The third category is duct tapers – folks who only exist because a problem exists that ought not to exist. Duct tapers are people who clean up other people’s messes – but messes that only occur because the system is bad. This includes those who spend their lives correcting the damage done by incompetent superiors – soothing egos and negotiating compromises.
Fourthly, let’s consider box tickers, or employees whose existence allows an organisation to claim it is doing something that it is, in fact, not doing. Sitting on pointless official commissions to show something is being done; working in ‘compliance’ to show all is well when it is not; creating more and bureaucracy simply to maintain the pretence that controls are being exercised; writing long and elaborate reports that no one will read. That’s the stuff of box-ticking. It’s done in order to pretend something supposedly important is being done.
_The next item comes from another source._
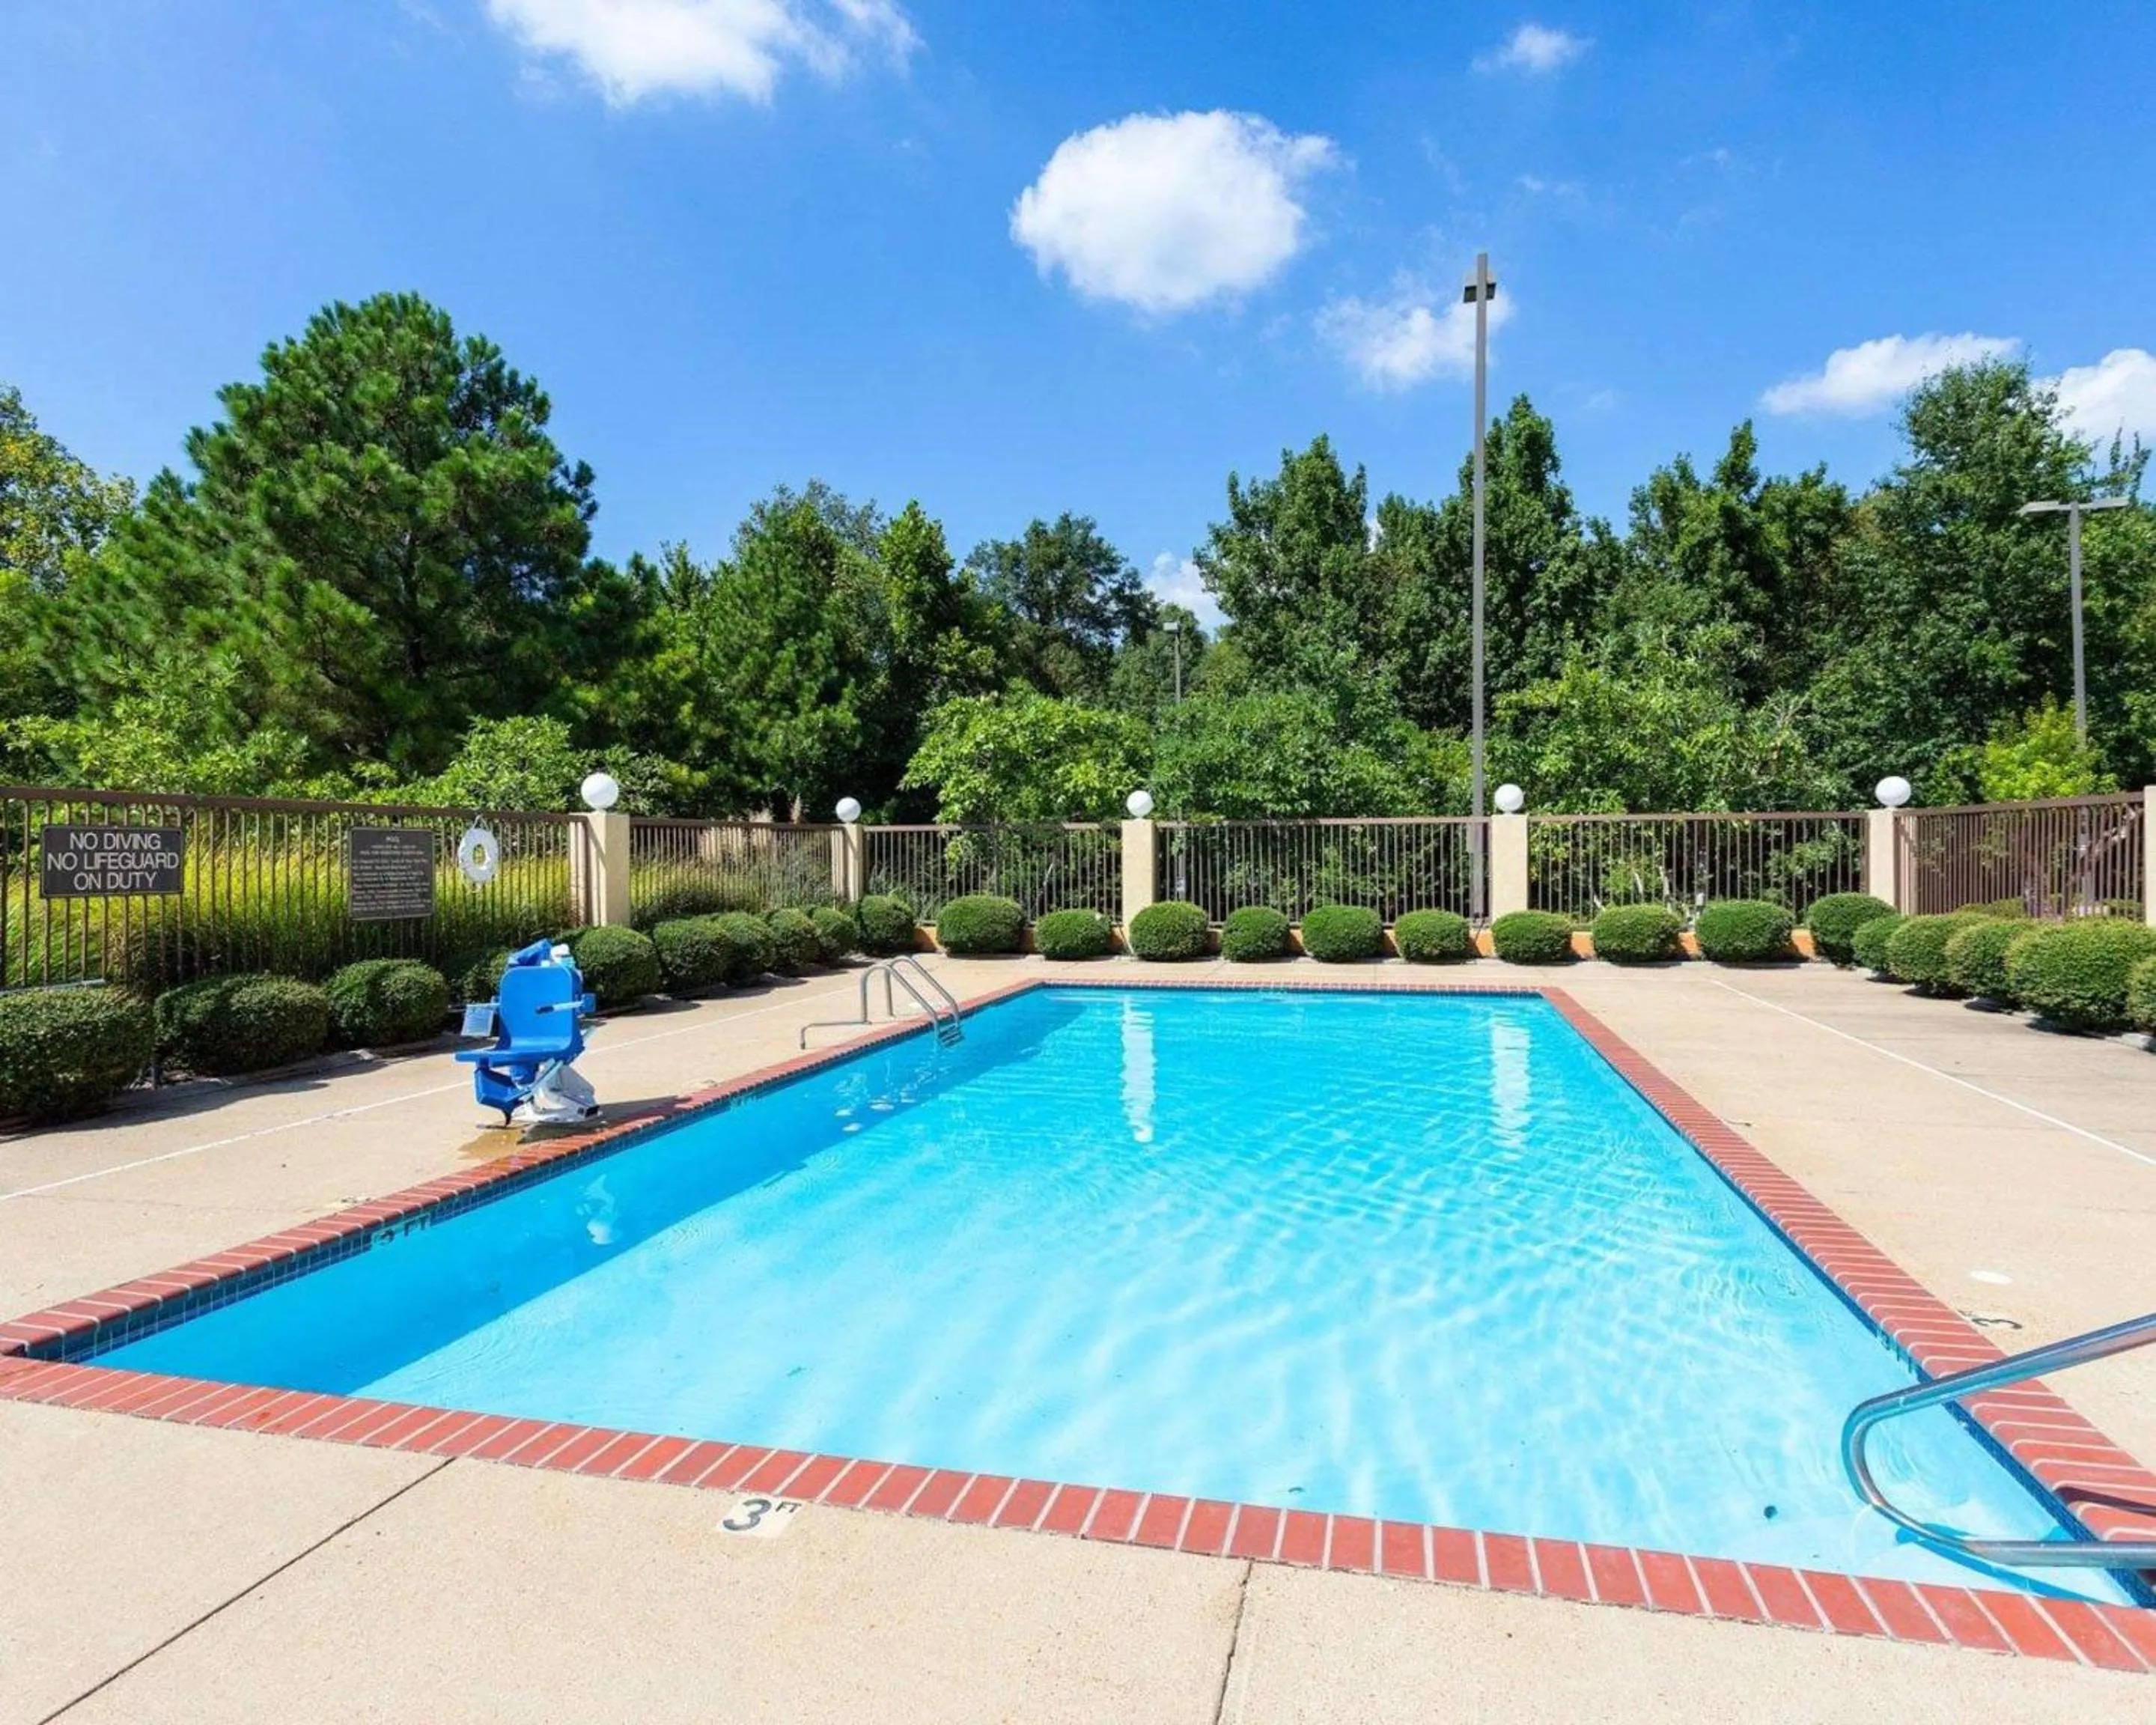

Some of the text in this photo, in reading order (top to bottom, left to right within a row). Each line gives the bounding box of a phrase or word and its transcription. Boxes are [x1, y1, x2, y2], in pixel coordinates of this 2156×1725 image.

[70, 832, 162, 851] NO DIVING
[46, 852, 179, 871] NO LIFEGUARD
[73, 871, 157, 890] ON DUTY
[722, 1498, 802, 1531] 3 FT
The last category is that of taskmasters. You know yourselves. You are the unnecessary superiors, who exist only to assign duties to others, duties they are perfectly able to carry out by themselves. Taskmasters supervise people who don’t need supervision.
A caveat here: a ‘bullshit’ job is not the same as a ‘shit’ job! The latter might be arduous and poorly paid, but might still be necessary; the former has the whiff of being superfluous and unnecessary. We need cleaners and cooks, for example – they perform a crucial role, even if we fail to regard them with respect. BS jobs, on the other hand can be simultaneously highly paid and nonsensical.
BS jobs are proliferating. Look around you, and you will see how many people are there just to make others look good; to fight for wrong causes; to compensate for others’ incompetence; to signal unmerited virtue; to lord it over others.
As you read through this column, you may have begun to fear you are in a BS job yourself. Well, good. Pay attention. Work is important, and doing good work in our lifetimes really matters. If you yourself can’t feel the worth of your job, walk away from it at the first opportunity. Yes, we all have bills to pay; but more importantly, we have lives to live. Poverty might force you to take on meaningless work, but poverty should not confine and define the whole of your life.
A life spent on nonsense, even a well-remunerated one, is a life wasted.